I have been covering and writing about cricket for 12 years. I’ve watched Ashes battles, home World Cup wins for both the men’s and women’s teams, entertaining T20 finals days, dramatic County Championship title wins and more rain delays than I can count — but this Test series between England and India has been the best.
Perhaps there is an element of recency bias, but I cannot recall a Test series that has given so much on every day: so many talking points, so much drama and tension, such displays of human endurance and resilience. The players were all in, and so were the fans.
One of my roles during a Test is writing our daily live file. It means I’m there, really there — glued to the cricket, yes, but also tuned into the rhythm of the ground. The role demands not just covering the wickets and the runs, but adding colour and texture; the things you wouldn’t get from watching the television or listening to the radio. What the vibe inside the ground is, what the players are doing in the nets before the gates open, what the chat in the press box is, what’s happening on the concourse, what everyone is having for lunch, whether there are any celebrities in the ground, what we’re being told about injuries — as well as monitoring several weather apps and rain radars. I try to let readers feel the match; all of it, not just what’s happening on the 22 yards of cut grass.
This series was special because both the players and the fans were all in
STU FORSTER/GETTY
Barely a session went by when I wasn’t delving into statistics while also keeping an eye on the players’ body language and the expressions, shouts and screams of the spectators. Every day, in every ground, there was a full house. Speaking of spectators, one of the many wonderful things about a series against India is the dedication and passion of their supporters. They turn out in huge numbers — more than for any other opposition, even Australia — and always add to the electric atmosphere.
I’ll let you into a secret: sometimes the press conferences at the end of a day’s play can be a bit dull, with no one saying very much at all, but that wasn’t the case in this series. Every day something had happened that we needed to ask about, with both sides continuing the contest from the field into their press conference words. None of it nasty — all of it adding to the entertainment and the intense competition.
In among the needle and the drama, there were individual performances that will be etched in the memory; Joe Root moving second on the all-time list of Test runscorers, the brilliant batting and captaincy by Shubman Gill, and the return of Jofra Archer, with his wicket of Yashasvi Jaiswal causing Lord’s to erupt.
The series was punctuated by moments of needle, like Gill’s response to Crawley’s time-wasting…
STU FORSTER/GETTY
… and moments of brilliance, like Archer’s scorching first over on his return to Test cricket
ED SYKES/REUTERS
And then there was that incredibly dramatic final Test at the Oval. After the fourth day finished on a knife edge thanks to a random shower, I sent my editor a text message, saying: “Cricket is both the most incredible and stupidest sport ever invented”. That evening we sensed the ending might be special, but not as special as it turned out to be.

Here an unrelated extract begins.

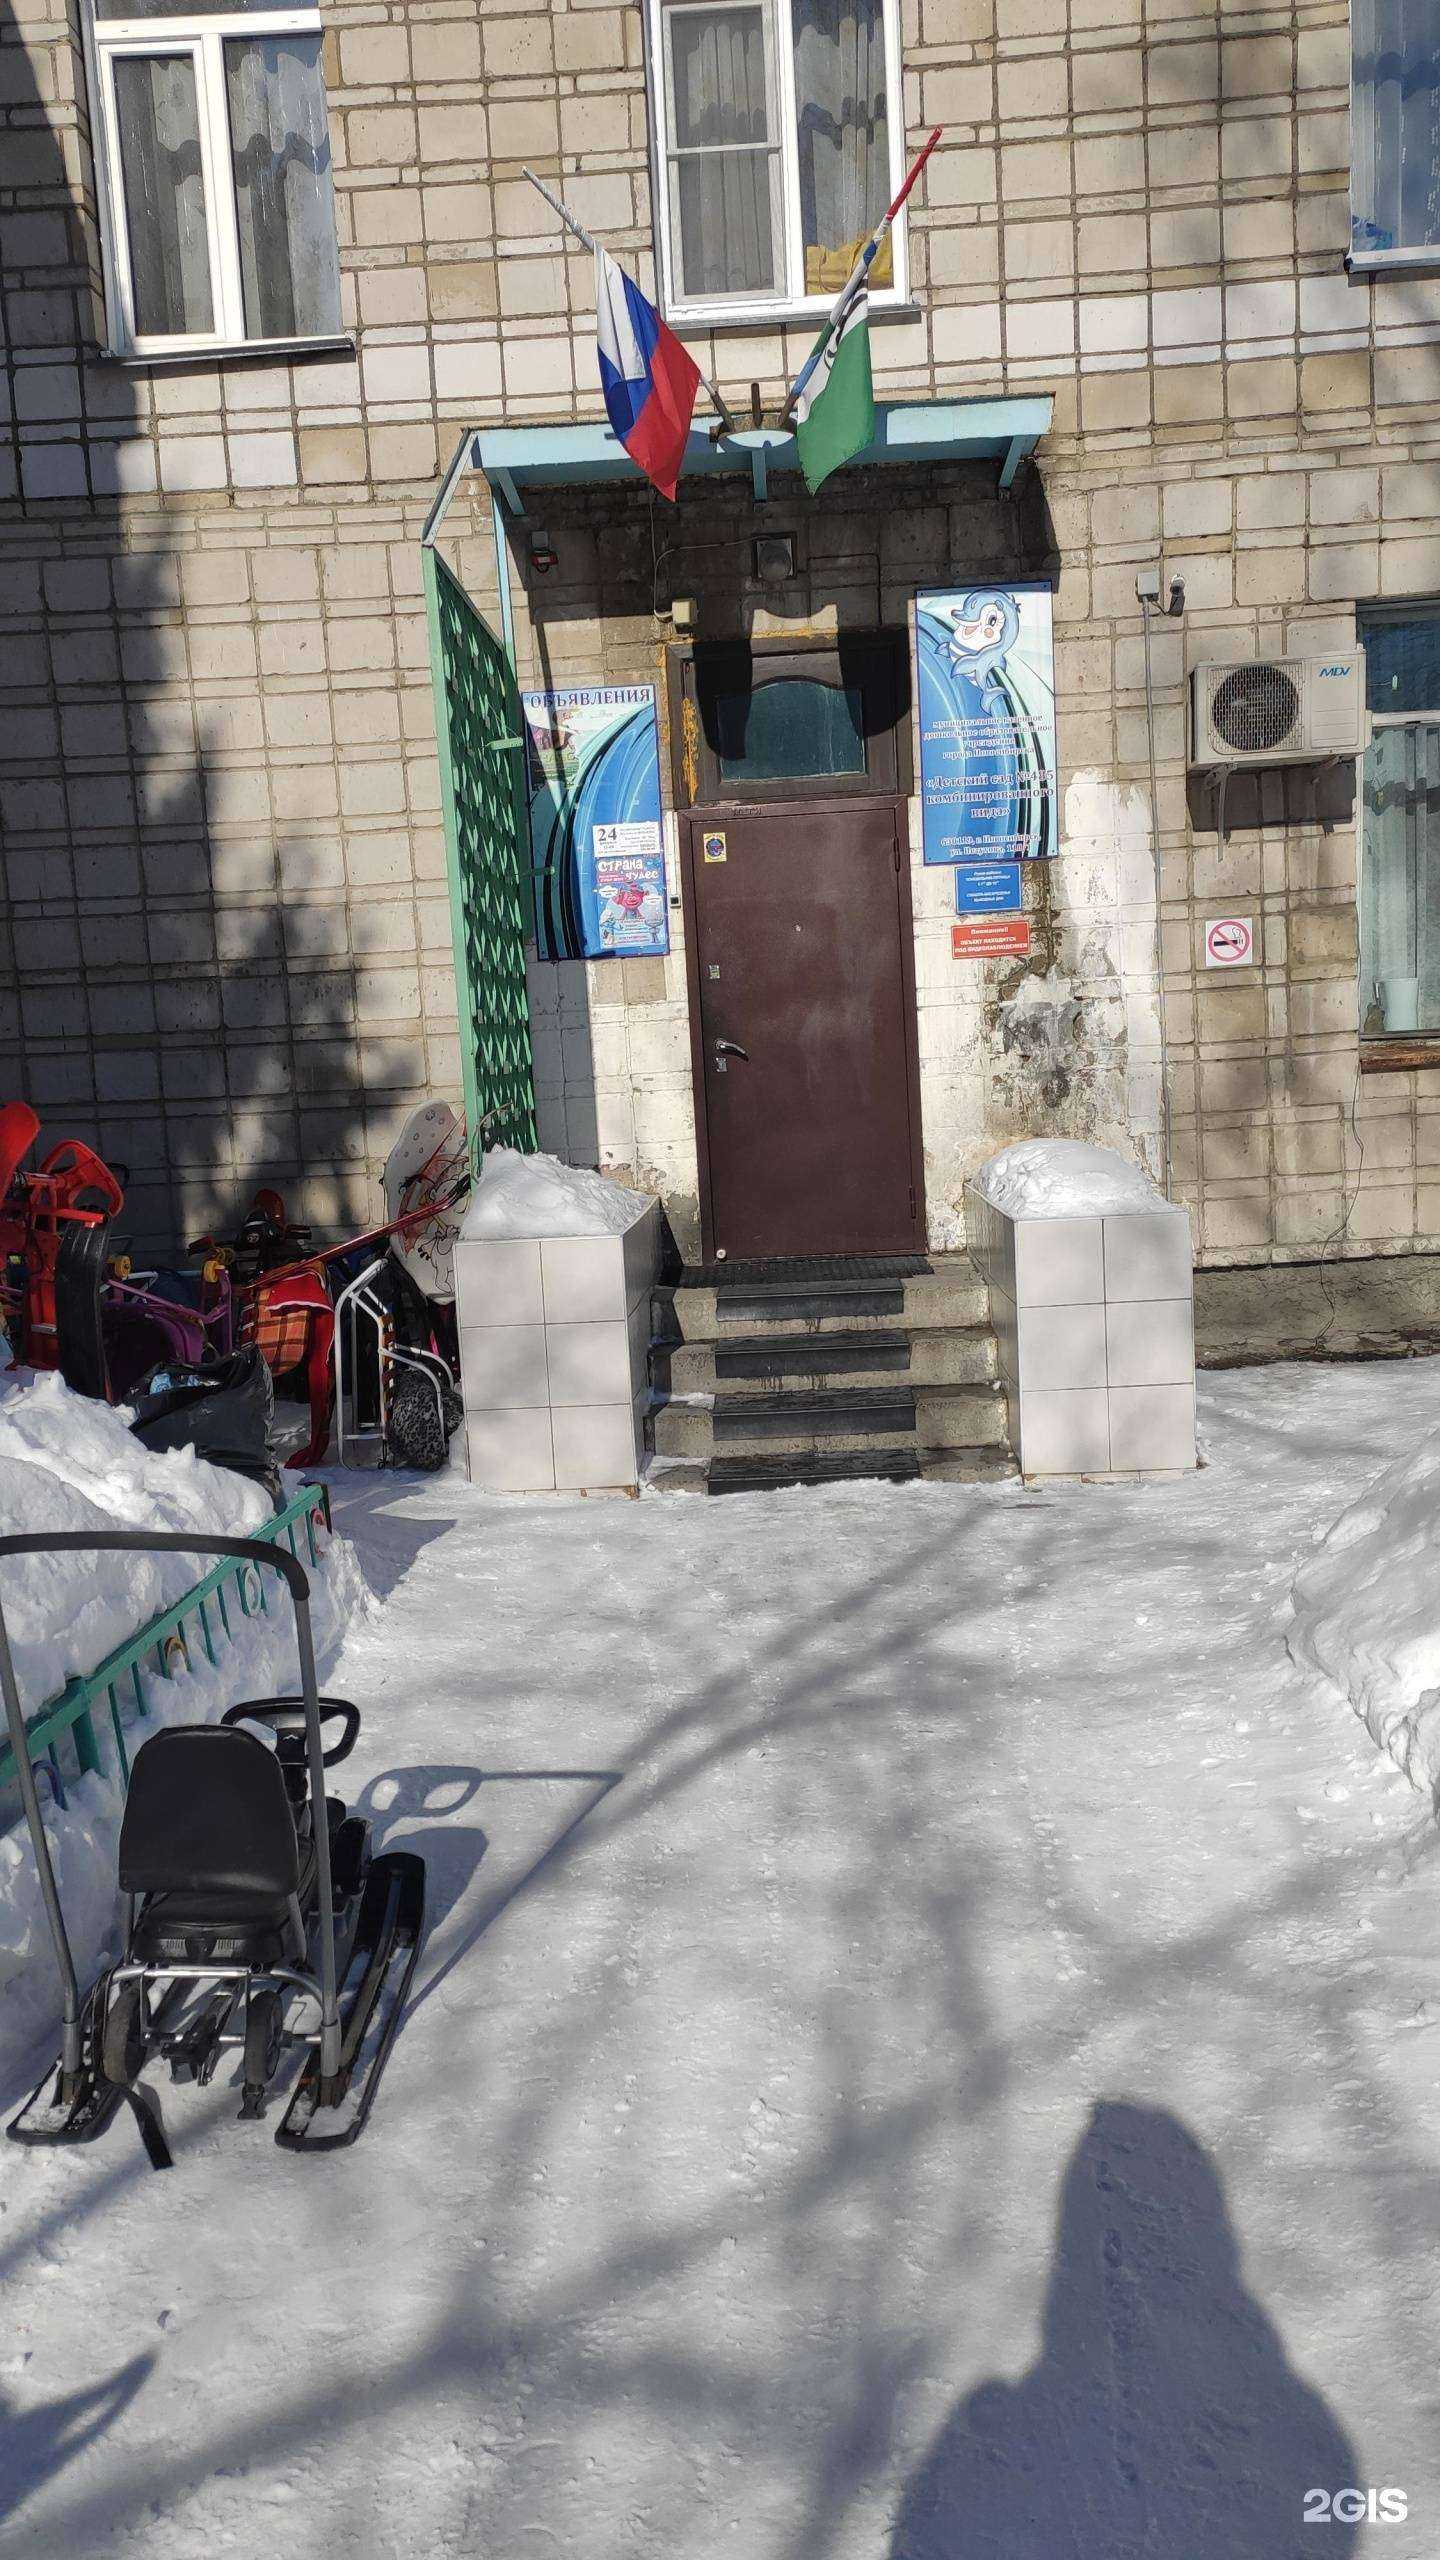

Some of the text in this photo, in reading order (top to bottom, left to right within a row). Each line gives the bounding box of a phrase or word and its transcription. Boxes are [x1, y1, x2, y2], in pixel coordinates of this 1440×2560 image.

There were 56 minutes and every ball was an event. I typed every delivery up for the live file — not something I would normally do — but this warranted it. Never have I been so glad I was taught to touch type. Finding the adjectives to convey the drama on the pitch, and the emotion of seeing a one-armed Chris Woakes walking out to bat, was something of a challenge.
Capturing the emotion of Woakes walking out with one arm in a sling made this series unforgettable
KIRSTY WIGGLESWORTH/AP
Some days in this job you worry there won’t be enough to write about. That was never the case in this series and now, a couple of days after the end, as I reflect on the 25 days of cricket, more things keep coming back to me.
At Headingley, I saw a fan dressed as a traffic cone doing karaoke with an India flag tied around his shoulders. At Edgbaston, I watched a steward help two youngsters get nearer the players for an autograph. At Lord’s, I wandered around the concourse at lunchtime on the fourth day and listened to a fierce debate between a group of friends about whether Zak Crawley’s time-wasting tactics on the third evening were legitimate.
At the Oval, I stood up, along with 25,000 other people, to applaud Woakes walking to the crease and fell in love with Mohammed Siraj — a player who came into the series as Jasprit Bumrah’s understudy and ended it as India’s hero.
I’m not usually overly sentimental or emotional about the cricket I am covering. It is better, in this job, to try to stay calm and objective, but this series brought smiles, a fair few swear words, and a reminder of how privileged I am to be there for these moments.
The summer of 2019, with a home World Cup win at Lord’s and that incredible Ashes innings by Ben Stokes at Headingley, had been the best summer of my career to date, but now this one, 2025, is right up there alongside it. I’ll cover more series, I’ll write more live files, but it’s going to take something special to top the past six weeks.